A vision rose before Sir Arthur—his wife, the wife of Sir Arthur Gerardine, the wife of the Lieutenant-Governor, her Excellency, Lady Gerardine, queen of her world, flashing in the glory of his diamonds and emeralds, treading palace rooms, herself the centre of a court—his wife petted, adulated, envied, the object of his chivalrous attention, of his lavish indulgence, his constant solicitude—not happy! He broke into boisterous laughter.
"Not happy! For that was your conclusion, I suppose?"
Still laughing, he flung a glance at M. Châtelard—eloquent. "Did you ever hear such an absurdity in your life?" it said, in all languages.
M. Châtelard unaccountably dropped his eyes before that triumphant appeal; and a dry cough of unwonted embarrassment escaped him. Sir Arthur's mirth changed from its first genuine note of sarcastic fury to something that rang hollow and forced. Abruptly withdrawing his eyes from the unresponsive Frenchman, he caught sight of his own countenance reflected, in all the cruel morning light, by a mirror that hung between the two windows. He stood staring. For a second he could not recognise himself—an unkempt old man, with yellow trembling cheeks and vacant mouth.
In such moments the body works unconsciously. Had Sir Arthur had proper control over himself, the swift look at his rival, the immediate comparison, was the last thing his vanity would have condescended to. But his treacherous eyes had done their work before self-esteem could intervene. And, for once, Sir Arthur Gerardine saw.
The braced figure of Henry English, with its noble lines of still young manhood; the romantic head, refined, not aged, by suffering and endurance, the vital flame in the eye. What a contrast! Sir Arthur swayed, fell into a chair, and covered his face with his hands. Acrid tears of self-pity were burning his lids. This is what they have brought me to!
Of the other three in the room, there was not one who could find a word. To see the strong suffer may be a painful yet inspiring sight, but there are tragedies of the weak, before the sordid pity of which the mind instinctively recoils.
"And you thought it honourable and gentlemanly to come into my house and eat my bread and—and spy?" said the Lieutenant-Governor, raising his head at last, turning dull orbs upon his whilom secretary.
The blood raced into Harry English's face.
"Here," thought Châtelard, scarcely breathing in his quiet corner of observation, "here it is the old one scores at last."
"I could not choose my methods, Sir Arthur."
The ancient Chippendale clock, with a sigh between its ticks, measured half a minute of heavy waiting. Then English spoke again, decisively, vigorously, stepping to the table with the air of one determined to put an end to an unbearable situation.
"Useless, all this. You shall have full evidence, as I said, in due time. Meanwhile, here is a house of sorrow, and your presence in it adds grievously to its burdens."
A gleam lit the watery depths of Sir Arthur's eyes.
"Here is a house of sorrow." He was suddenly reminded of what, in the absorption of his own misery, he had well-nigh forgotten—that the woman lay in danger of death.
Were she to die now—who had committed this inconceivable indiscretion—the situation might yet be saved. If she were to die, the affair could be hushed up. He jumped to his feet.
"Well, and what do you think of her state, doctor?" cried he.
The greedy glance was a revelation. The whole mind of the man was laid bare in its odious pettiness. With a dignified gesture the physician refused answer.
But the soul of Harry English leaped forth in wrath, as the blade leaps from the scabbard.

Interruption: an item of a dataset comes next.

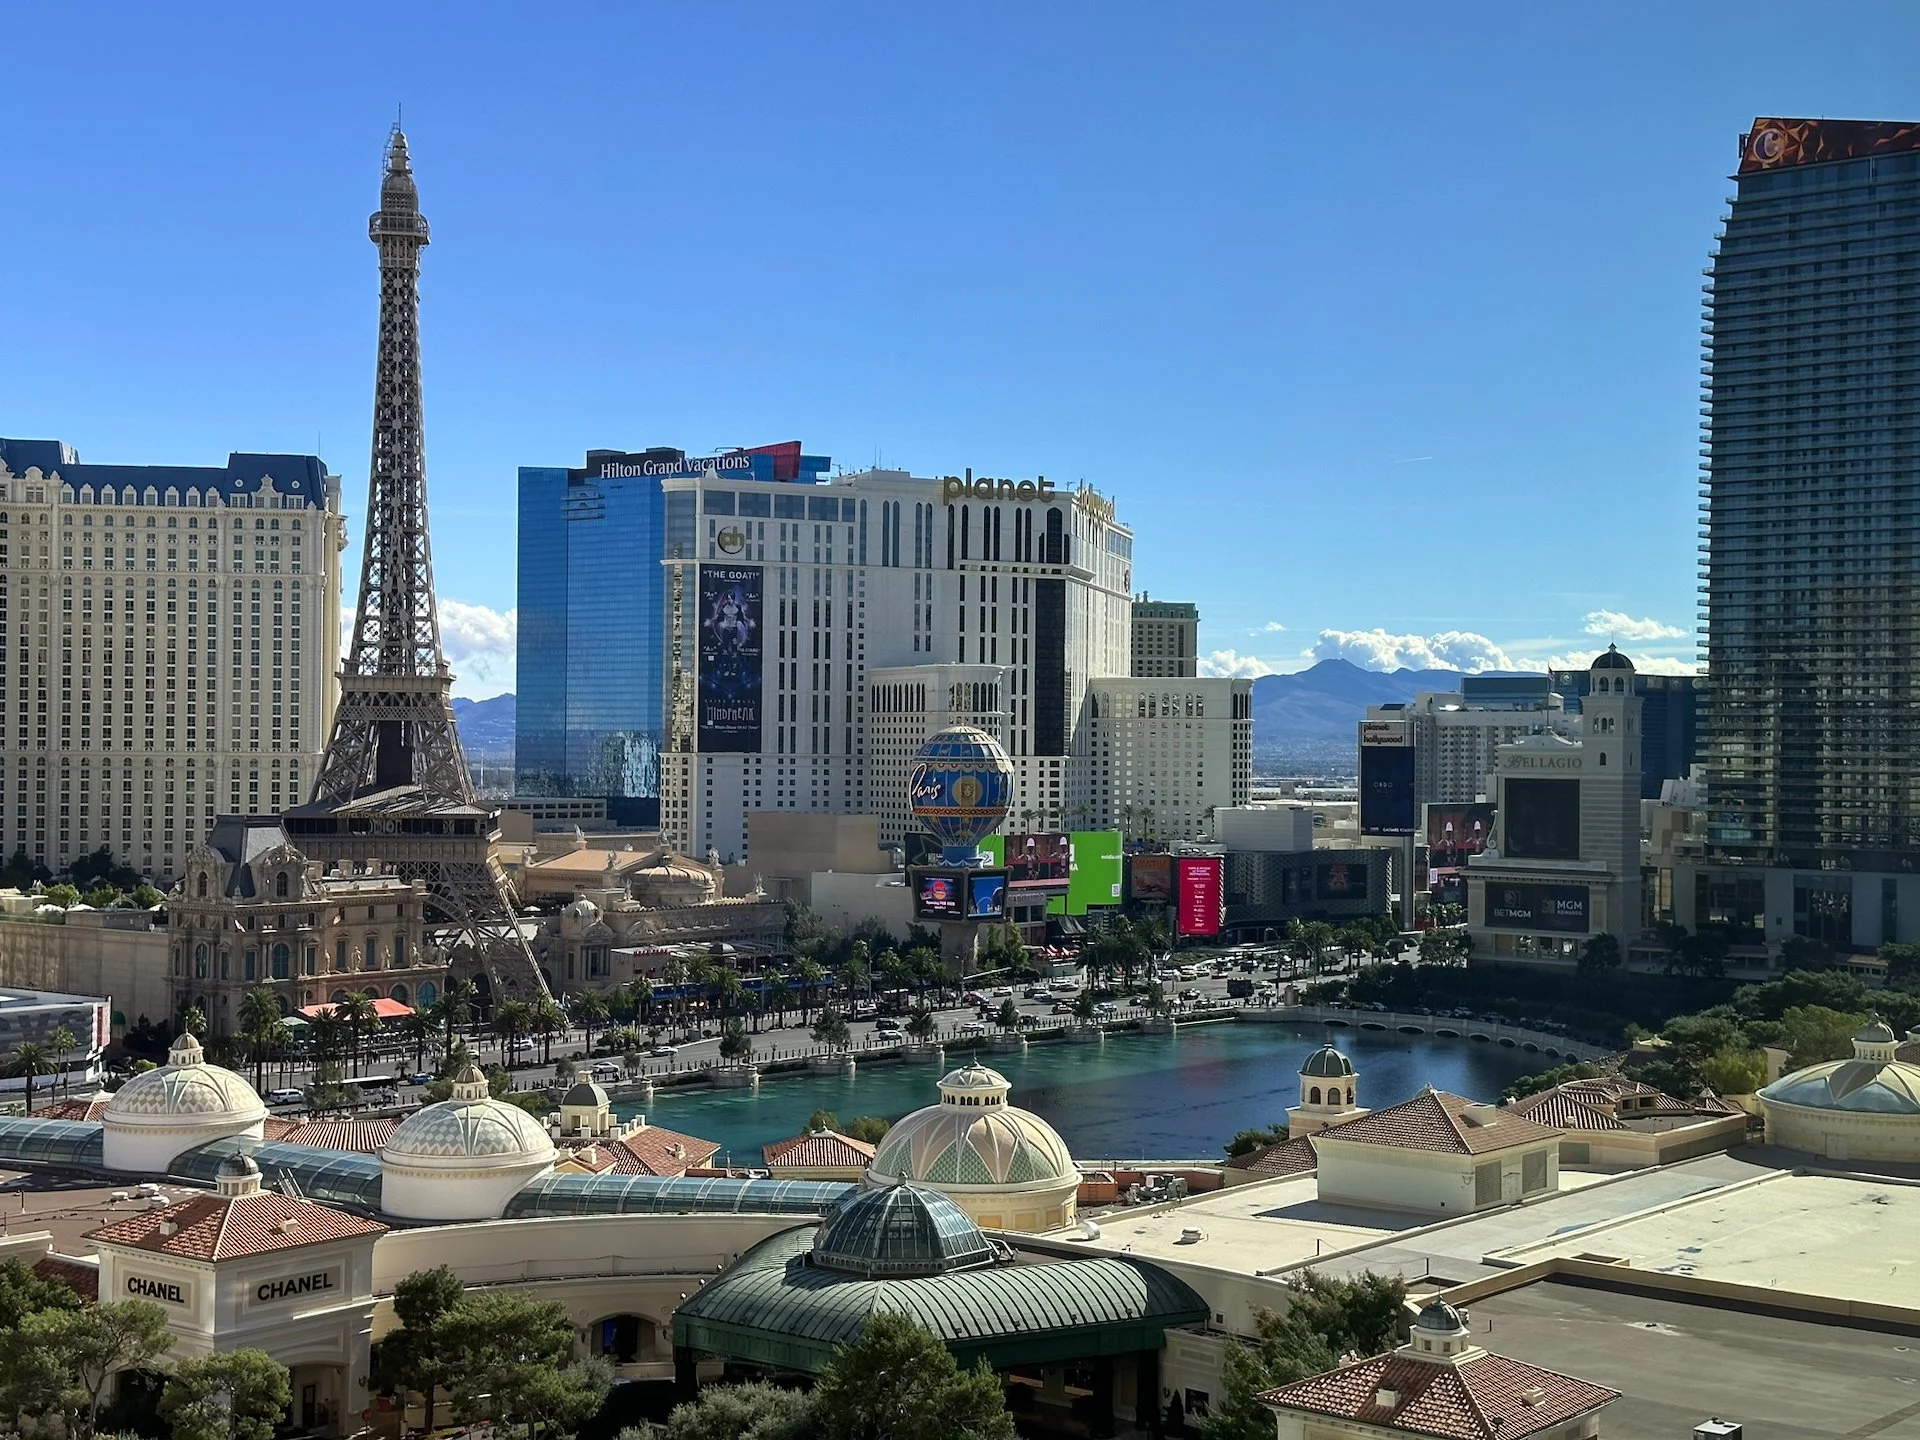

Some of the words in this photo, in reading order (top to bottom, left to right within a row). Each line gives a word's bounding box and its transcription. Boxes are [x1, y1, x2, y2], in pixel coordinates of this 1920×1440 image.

"Out of my house!" said he, his arm flung wide, pointing to the door. Voice, gesture, look, spoke of a passion so intense that for a second Sir Arthur quailed before it as one may before an unexpected flash of lightning.

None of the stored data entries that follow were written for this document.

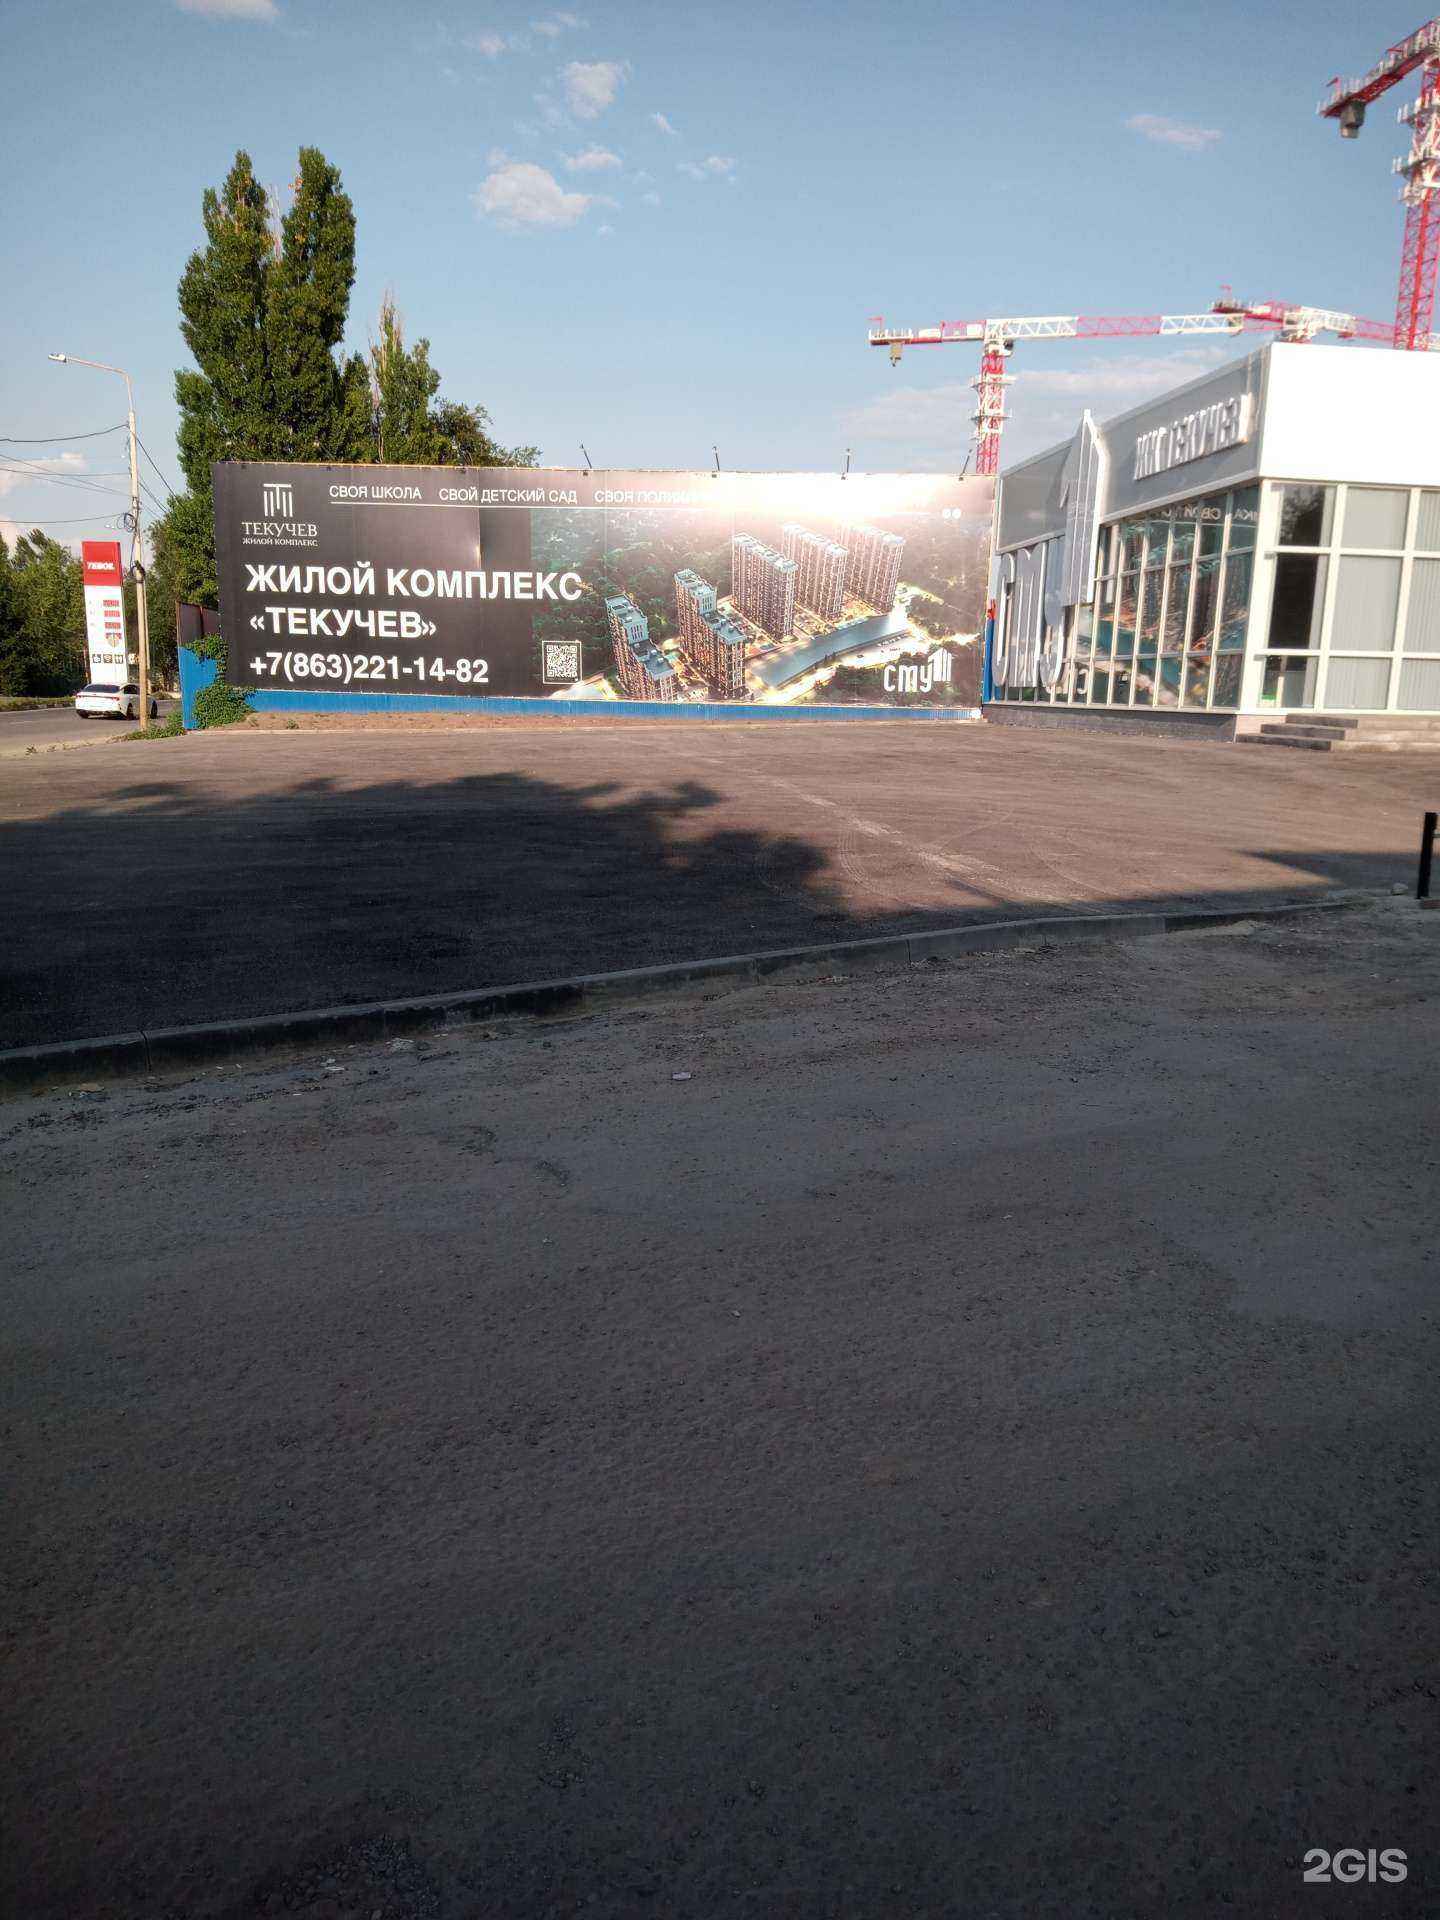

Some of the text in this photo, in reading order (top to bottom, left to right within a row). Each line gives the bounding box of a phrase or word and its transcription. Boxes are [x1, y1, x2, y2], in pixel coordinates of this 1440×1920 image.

[329, 485, 423, 500] СВОЯ ШКОЛА
[438, 485, 578, 504] СВОЙ ДЕТСКИЙ САД
[594, 490, 634, 503] СВОЯ
[241, 521, 318, 538] ТЕКУЧЕВ
[242, 536, 319, 547] ЖИЛОЙ КОМПЛЕКС
[245, 561, 582, 601] ЖИЛОЙ КОМПЛЕКС
[250, 606, 437, 639] «ТЕКУЧЕВ»
[250, 651, 489, 684] +7(863)221-14-82

He retreated hurriedly a few steps, then wheeled round, his natural combativeness reasserting itself.
"Your story is strange, singularly strange, Captain English," he sneered. "I shall consider it my duty to report it in proper quarters without delay. You will have to produce some better explanations there, sir, I fancy, than those which seem to satisfy a couple of silly women and an ignorant foreigner—I mean," his old habit of courtesy tugging against the impulsiveness of his irritation—"I mean a foreigner ignorant of our customs." (M. Châtelard had an indulgent smile for the correction.) "I shall report you, sir, and your accomplice there."
A withering look included the stolid Bethune in this last indictment.
"Raymond, see that he goes," said English, "that he goes at once—and quietly."
"Ah, yes, I beg," interposed the doctor, with gravity. "Quiet is imperative, Sir Gerardine."
English walked over to the window and began to drum on the pane. Dr. Châtelard removed his spectacles, and put them into his pocket.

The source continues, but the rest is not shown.